The recent view of Pollack battery allows to understand the claims of Donut Lab at quantitative level!

The model for the Pollack battery developed through many twists and turns and several breakthroughs in the understanding of the physical interpretation of TGD were required (see this). The recent view of the charging of the Pollack battery would be as follows.

So, let us take the claims of Donut Lab (see this) seriously and look for what follows.

1. The number N_p of Pollack protons can be estimated from the transferred charge of Q=10⁵ Coulombs as N_p=Q/e. The claimed value for the stored energy E= 400 Wh. That would be equivalent to a proton energy E_p=E/N_p= 13.8 eV. For a Pollack battery this energy would be the energy gained by the Pollack electron when accelerated at the monopole flux tube in a voltage =13.8 V without dissipation. In a normal battery, the energy is dissipated quite thoroughly in Ohmic conduction.

   The energy transferred by the Pollack effect would be smaller by a factor of 1/8 if the voltage is assumed to be 1.5 Volts. 8 of these four-layer units would be needed.

2. Then comes an important observation without which I would never have arrived at the recent model. The claimed 13.8 eV per Pollack electron corresponds to the binding energy 13.7 eV of a hydrogen atom! Is this a mere coincidence?
3. This induces the idea is that the Pollack protons on the target electrode induce a phase transition which increases the relative dielectric constant ε_r from, say, 1 to 80, its value for water. These phase transitions are very common in condensed matter physics.
4. The electrostatic energy of the electric field of an insulator is proportional to ε_r². However, this energy is completely insignificant.
5. For the atoms of an insulator, the standard description predicts a reduction in the scale of the energy levels. The charge is screened and effectively reduces to e/ε_r. The energy levels E_n of a hydrogen atom are proportional to the product of the two charges, and scale as E_n→ E_n/ε_r². The upper limit ε_r= 100 of ε_r gives a reduction factor of 10^-4. The atomic states are energetically close to ionization.

   That is, in the phase transition that Pollack protons would induce, energy would be released that is very close to the hydrogen atom binding energy of 13.7 eV per Pollack proton!
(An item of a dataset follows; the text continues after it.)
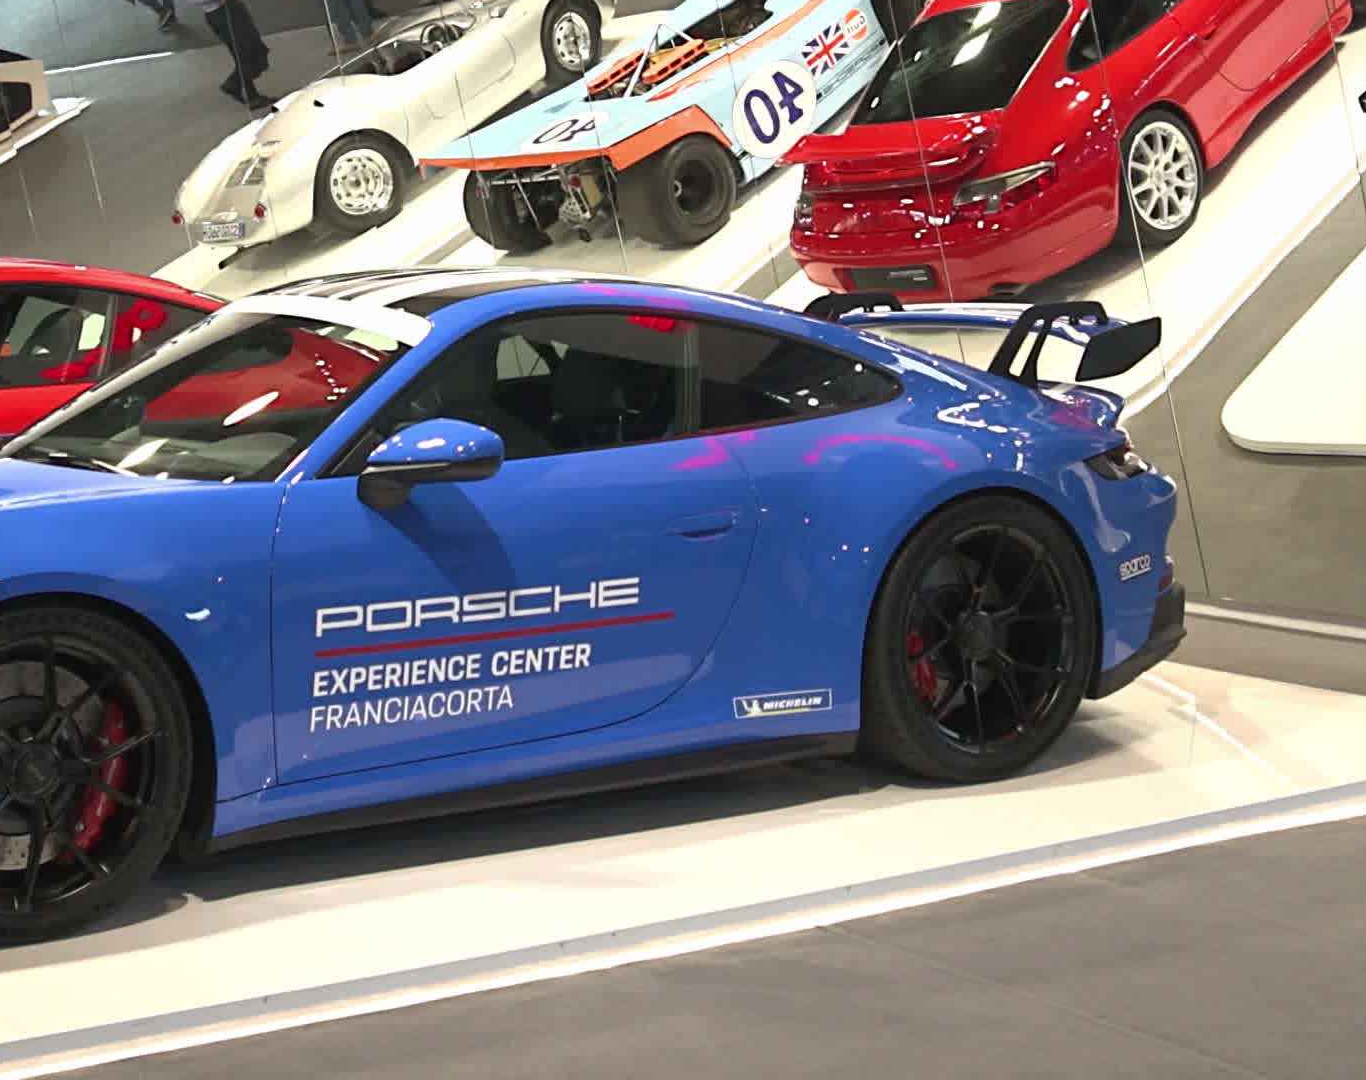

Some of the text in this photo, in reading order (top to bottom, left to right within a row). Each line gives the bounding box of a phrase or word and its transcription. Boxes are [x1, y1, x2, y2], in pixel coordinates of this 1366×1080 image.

This is exactly what follows by taking the claims of Donut Lab seriously. The phase transition generating a dielectric would store the electrostatic energy during the charging.

6. What would happen in a phase transition that increases the dielectric constant ε_r? The necessary energy would come from the electrostatic energy of the field used for charging. Each Pollack proton would produce a hydrogen atom whose binding energy would be reduced by a factor of 1/ε_r². For example, the conversion of OH^- ions to H₂O in a background with ε_r = 1/80 formed in the transition, comes to mind.
7. There was also the problem of whether the accelerated Pollack protons give too much momentum to the target electrode. Would that explain the reported swelling, which was in the order of 4 per cent? It turned out that a simple estimate gives a completely negligible force, which is as much as ten orders of magnitude smaller than the estimate of the swelling force given by Google LLM, which is of order 10⁵ N.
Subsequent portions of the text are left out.